# Stored data entries
——
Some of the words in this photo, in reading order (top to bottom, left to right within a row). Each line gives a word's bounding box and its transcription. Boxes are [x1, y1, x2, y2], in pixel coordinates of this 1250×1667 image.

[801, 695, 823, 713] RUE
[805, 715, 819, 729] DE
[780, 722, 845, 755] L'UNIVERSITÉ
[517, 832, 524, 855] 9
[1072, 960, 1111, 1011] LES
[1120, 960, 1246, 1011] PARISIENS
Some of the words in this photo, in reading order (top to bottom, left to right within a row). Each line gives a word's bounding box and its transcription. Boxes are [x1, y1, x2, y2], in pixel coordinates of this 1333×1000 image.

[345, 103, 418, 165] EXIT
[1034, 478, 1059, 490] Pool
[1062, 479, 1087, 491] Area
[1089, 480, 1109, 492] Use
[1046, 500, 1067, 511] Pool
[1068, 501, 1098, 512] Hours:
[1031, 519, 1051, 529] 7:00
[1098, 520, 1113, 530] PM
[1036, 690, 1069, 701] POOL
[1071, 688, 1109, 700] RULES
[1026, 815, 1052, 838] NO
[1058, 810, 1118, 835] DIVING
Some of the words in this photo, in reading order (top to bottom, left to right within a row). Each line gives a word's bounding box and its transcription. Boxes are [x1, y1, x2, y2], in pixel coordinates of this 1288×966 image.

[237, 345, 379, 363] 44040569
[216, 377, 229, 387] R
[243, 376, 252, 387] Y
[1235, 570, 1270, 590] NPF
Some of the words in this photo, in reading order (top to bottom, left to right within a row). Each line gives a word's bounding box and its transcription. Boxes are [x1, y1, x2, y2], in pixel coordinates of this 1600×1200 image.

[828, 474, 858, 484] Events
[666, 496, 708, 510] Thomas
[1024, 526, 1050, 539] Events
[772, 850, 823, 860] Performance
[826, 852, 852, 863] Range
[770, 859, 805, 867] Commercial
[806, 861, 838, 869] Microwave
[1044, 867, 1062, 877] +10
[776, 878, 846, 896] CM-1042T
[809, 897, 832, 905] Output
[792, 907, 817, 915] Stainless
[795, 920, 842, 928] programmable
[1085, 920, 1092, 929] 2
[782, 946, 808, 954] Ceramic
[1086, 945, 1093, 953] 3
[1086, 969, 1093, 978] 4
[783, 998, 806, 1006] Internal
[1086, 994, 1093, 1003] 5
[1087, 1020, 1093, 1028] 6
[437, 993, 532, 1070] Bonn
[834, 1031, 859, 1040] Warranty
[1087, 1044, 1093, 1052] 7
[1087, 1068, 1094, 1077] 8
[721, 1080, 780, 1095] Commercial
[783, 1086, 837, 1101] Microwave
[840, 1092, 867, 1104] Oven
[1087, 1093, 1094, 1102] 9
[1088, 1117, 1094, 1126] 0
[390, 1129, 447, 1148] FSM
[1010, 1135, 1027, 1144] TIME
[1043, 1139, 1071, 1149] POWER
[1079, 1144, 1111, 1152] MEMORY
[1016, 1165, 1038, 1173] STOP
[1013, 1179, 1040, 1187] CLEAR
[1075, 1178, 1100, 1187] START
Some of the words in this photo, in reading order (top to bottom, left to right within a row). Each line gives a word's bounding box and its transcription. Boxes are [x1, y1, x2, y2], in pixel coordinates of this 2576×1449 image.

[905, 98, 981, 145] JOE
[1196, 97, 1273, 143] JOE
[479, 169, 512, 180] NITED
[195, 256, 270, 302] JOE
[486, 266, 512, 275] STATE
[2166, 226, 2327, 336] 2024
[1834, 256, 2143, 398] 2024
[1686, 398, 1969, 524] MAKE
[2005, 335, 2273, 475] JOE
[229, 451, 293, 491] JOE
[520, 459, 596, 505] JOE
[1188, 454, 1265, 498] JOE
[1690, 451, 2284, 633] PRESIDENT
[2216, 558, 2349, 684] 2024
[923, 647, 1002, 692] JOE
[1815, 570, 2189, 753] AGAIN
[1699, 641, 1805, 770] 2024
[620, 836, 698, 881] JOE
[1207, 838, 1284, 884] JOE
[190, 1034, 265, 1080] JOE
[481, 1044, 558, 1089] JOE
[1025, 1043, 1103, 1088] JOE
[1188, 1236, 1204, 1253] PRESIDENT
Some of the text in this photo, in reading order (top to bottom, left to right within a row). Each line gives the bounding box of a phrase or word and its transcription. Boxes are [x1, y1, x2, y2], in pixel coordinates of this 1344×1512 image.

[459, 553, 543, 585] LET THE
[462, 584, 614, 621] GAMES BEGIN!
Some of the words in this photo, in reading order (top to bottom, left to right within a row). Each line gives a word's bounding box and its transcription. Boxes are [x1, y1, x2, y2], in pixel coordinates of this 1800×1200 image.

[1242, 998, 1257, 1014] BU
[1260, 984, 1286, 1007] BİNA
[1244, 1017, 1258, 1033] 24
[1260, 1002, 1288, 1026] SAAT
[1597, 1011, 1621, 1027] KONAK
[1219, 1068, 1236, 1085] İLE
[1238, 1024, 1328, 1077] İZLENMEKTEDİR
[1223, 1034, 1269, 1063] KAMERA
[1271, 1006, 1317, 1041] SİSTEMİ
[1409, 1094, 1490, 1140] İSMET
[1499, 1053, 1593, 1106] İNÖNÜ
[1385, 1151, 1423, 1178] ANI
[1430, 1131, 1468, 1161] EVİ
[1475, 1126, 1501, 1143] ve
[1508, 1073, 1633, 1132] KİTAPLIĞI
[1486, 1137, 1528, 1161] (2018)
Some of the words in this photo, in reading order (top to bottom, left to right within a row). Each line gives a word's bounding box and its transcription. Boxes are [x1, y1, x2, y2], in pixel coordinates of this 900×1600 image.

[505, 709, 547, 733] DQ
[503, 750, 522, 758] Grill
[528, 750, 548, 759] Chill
——
# PROBLEM STATEMENT
Down to the last line, retype the entries above exactly.

# OUTPUT FOR THIS EXERCISE
Some of the words in this photo, in reading order (top to bottom, left to right within a row). Each line gives a word's bounding box and its transcription. Boxes are [x1, y1, x2, y2], in pixel coordinates of this 1250×1667 image.

[801, 695, 823, 713] RUE
[805, 715, 819, 729] DE
[780, 722, 845, 755] L'UNIVERSITÉ
[517, 832, 524, 855] 9
[1072, 960, 1111, 1011] LES
[1120, 960, 1246, 1011] PARISIENS
Some of the words in this photo, in reading order (top to bottom, left to right within a row). Each line gives a word's bounding box and its transcription. Boxes are [x1, y1, x2, y2], in pixel coordinates of this 1333×1000 image.

[345, 103, 418, 165] EXIT
[1034, 478, 1059, 490] Pool
[1062, 479, 1087, 491] Area
[1089, 480, 1109, 492] Use
[1046, 500, 1067, 511] Pool
[1068, 501, 1098, 512] Hours:
[1031, 519, 1051, 529] 7:00
[1098, 520, 1113, 530] PM
[1036, 690, 1069, 701] POOL
[1071, 688, 1109, 700] RULES
[1026, 815, 1052, 838] NO
[1058, 810, 1118, 835] DIVING
Some of the words in this photo, in reading order (top to bottom, left to right within a row). Each line gives a word's bounding box and its transcription. Boxes are [x1, y1, x2, y2], in pixel coordinates of this 1288×966 image.

[237, 345, 379, 363] 44040569
[216, 377, 229, 387] R
[243, 376, 252, 387] Y
[1235, 570, 1270, 590] NPF
Some of the words in this photo, in reading order (top to bottom, left to right within a row). Each line gives a word's bounding box and its transcription. Boxes are [x1, y1, x2, y2], in pixel coordinates of this 1600×1200 image.

[828, 474, 858, 484] Events
[666, 496, 708, 510] Thomas
[1024, 526, 1050, 539] Events
[772, 850, 823, 860] Performance
[826, 852, 852, 863] Range
[770, 859, 805, 867] Commercial
[806, 861, 838, 869] Microwave
[1044, 867, 1062, 877] +10
[776, 878, 846, 896] CM-1042T
[809, 897, 832, 905] Output
[792, 907, 817, 915] Stainless
[795, 920, 842, 928] programmable
[1085, 920, 1092, 929] 2
[782, 946, 808, 954] Ceramic
[1086, 945, 1093, 953] 3
[1086, 969, 1093, 978] 4
[783, 998, 806, 1006] Internal
[1086, 994, 1093, 1003] 5
[1087, 1020, 1093, 1028] 6
[437, 993, 532, 1070] Bonn
[834, 1031, 859, 1040] Warranty
[1087, 1044, 1093, 1052] 7
[1087, 1068, 1094, 1077] 8
[721, 1080, 780, 1095] Commercial
[783, 1086, 837, 1101] Microwave
[840, 1092, 867, 1104] Oven
[1087, 1093, 1094, 1102] 9
[1088, 1117, 1094, 1126] 0
[390, 1129, 447, 1148] FSM
[1010, 1135, 1027, 1144] TIME
[1043, 1139, 1071, 1149] POWER
[1079, 1144, 1111, 1152] MEMORY
[1016, 1165, 1038, 1173] STOP
[1013, 1179, 1040, 1187] CLEAR
[1075, 1178, 1100, 1187] START
Some of the words in this photo, in reading order (top to bottom, left to right within a row). Each line gives a word's bounding box and its transcription. Boxes are [x1, y1, x2, y2], in pixel coordinates of this 2576×1449 image.

[905, 98, 981, 145] JOE
[1196, 97, 1273, 143] JOE
[479, 169, 512, 180] NITED
[195, 256, 270, 302] JOE
[486, 266, 512, 275] STATE
[2166, 226, 2327, 336] 2024
[1834, 256, 2143, 398] 2024
[1686, 398, 1969, 524] MAKE
[2005, 335, 2273, 475] JOE
[229, 451, 293, 491] JOE
[520, 459, 596, 505] JOE
[1188, 454, 1265, 498] JOE
[1690, 451, 2284, 633] PRESIDENT
[2216, 558, 2349, 684] 2024
[923, 647, 1002, 692] JOE
[1815, 570, 2189, 753] AGAIN
[1699, 641, 1805, 770] 2024
[620, 836, 698, 881] JOE
[1207, 838, 1284, 884] JOE
[190, 1034, 265, 1080] JOE
[481, 1044, 558, 1089] JOE
[1025, 1043, 1103, 1088] JOE
[1188, 1236, 1204, 1253] PRESIDENT
Some of the text in this photo, in reading order (top to bottom, left to right within a row). Each line gives the bounding box of a phrase or word and its transcription. Boxes are [x1, y1, x2, y2], in pixel coordinates of this 1344×1512 image.

[459, 553, 543, 585] LET THE
[462, 584, 614, 621] GAMES BEGIN!
Some of the words in this photo, in reading order (top to bottom, left to right within a row). Each line gives a word's bounding box and its transcription. Boxes are [x1, y1, x2, y2], in pixel coordinates of this 1800×1200 image.

[1242, 998, 1257, 1014] BU
[1260, 984, 1286, 1007] BİNA
[1244, 1017, 1258, 1033] 24
[1260, 1002, 1288, 1026] SAAT
[1597, 1011, 1621, 1027] KONAK
[1219, 1068, 1236, 1085] İLE
[1238, 1024, 1328, 1077] İZLENMEKTEDİR
[1223, 1034, 1269, 1063] KAMERA
[1271, 1006, 1317, 1041] SİSTEMİ
[1409, 1094, 1490, 1140] İSMET
[1499, 1053, 1593, 1106] İNÖNÜ
[1385, 1151, 1423, 1178] ANI
[1430, 1131, 1468, 1161] EVİ
[1475, 1126, 1501, 1143] ve
[1508, 1073, 1633, 1132] KİTAPLIĞI
[1486, 1137, 1528, 1161] (2018)
Some of the words in this photo, in reading order (top to bottom, left to right within a row). Each line gives a word's bounding box and its transcription. Boxes are [x1, y1, x2, y2], in pixel coordinates of this 900×1600 image.

[505, 709, 547, 733] DQ
[503, 750, 522, 758] Grill
[528, 750, 548, 759] Chill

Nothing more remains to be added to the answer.